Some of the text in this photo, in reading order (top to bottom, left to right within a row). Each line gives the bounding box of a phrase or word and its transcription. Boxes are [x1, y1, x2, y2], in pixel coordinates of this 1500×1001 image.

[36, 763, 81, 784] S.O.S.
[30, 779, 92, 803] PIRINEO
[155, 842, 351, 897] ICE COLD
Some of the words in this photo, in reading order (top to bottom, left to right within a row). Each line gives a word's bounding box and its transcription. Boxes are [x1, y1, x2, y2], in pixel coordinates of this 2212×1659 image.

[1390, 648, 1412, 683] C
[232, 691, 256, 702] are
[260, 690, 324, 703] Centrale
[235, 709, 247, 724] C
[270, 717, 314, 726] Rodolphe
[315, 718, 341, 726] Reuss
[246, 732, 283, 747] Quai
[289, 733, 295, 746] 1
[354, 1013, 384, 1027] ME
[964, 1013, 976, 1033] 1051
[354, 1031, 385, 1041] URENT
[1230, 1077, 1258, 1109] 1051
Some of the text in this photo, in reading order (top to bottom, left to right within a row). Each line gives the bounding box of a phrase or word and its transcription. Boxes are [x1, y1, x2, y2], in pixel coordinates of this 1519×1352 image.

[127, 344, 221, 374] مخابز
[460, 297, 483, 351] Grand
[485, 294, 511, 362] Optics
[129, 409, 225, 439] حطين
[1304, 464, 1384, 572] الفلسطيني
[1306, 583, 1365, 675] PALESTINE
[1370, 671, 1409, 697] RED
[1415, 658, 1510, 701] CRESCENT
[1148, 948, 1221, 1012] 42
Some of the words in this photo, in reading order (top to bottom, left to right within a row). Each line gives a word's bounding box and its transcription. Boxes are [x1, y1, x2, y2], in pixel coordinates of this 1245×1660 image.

################

▶ [Work order]: Faithfully copy every entry, leaving nothing out.

▶ [Your response]:
Some of the text in this photo, in reading order (top to bottom, left to right within a row). Each line gives the bounding box of a phrase or word and its transcription. Boxes are [x1, y1, x2, y2], in pixel coordinates of this 1500×1001 image.

[36, 763, 81, 784] S.O.S.
[30, 779, 92, 803] PIRINEO
[155, 842, 351, 897] ICE COLD
Some of the words in this photo, in reading order (top to bottom, left to right within a row). Each line gives a word's bounding box and its transcription. Boxes are [x1, y1, x2, y2], in pixel coordinates of this 2212×1659 image.

[1390, 648, 1412, 683] C
[232, 691, 256, 702] are
[260, 690, 324, 703] Centrale
[235, 709, 247, 724] C
[270, 717, 314, 726] Rodolphe
[315, 718, 341, 726] Reuss
[246, 732, 283, 747] Quai
[289, 733, 295, 746] 1
[354, 1013, 384, 1027] ME
[964, 1013, 976, 1033] 1051
[354, 1031, 385, 1041] URENT
[1230, 1077, 1258, 1109] 1051
Some of the text in this photo, in reading order (top to bottom, left to right within a row). Each line gives the bounding box of a phrase or word and its transcription. Boxes are [x1, y1, x2, y2], in pixel coordinates of this 1519×1352 image.

[127, 344, 221, 374] مخابز
[460, 297, 483, 351] Grand
[485, 294, 511, 362] Optics
[129, 409, 225, 439] حطين
[1304, 464, 1384, 572] الفلسطيني
[1306, 583, 1365, 675] PALESTINE
[1370, 671, 1409, 697] RED
[1415, 658, 1510, 701] CRESCENT
[1148, 948, 1221, 1012] 42
Some of the words in this photo, in reading order (top to bottom, left to right within a row). Each line gives a word's bounding box and its transcription. Boxes are [x1, y1, x2, y2], in pixel coordinates of this 1245×1660 image.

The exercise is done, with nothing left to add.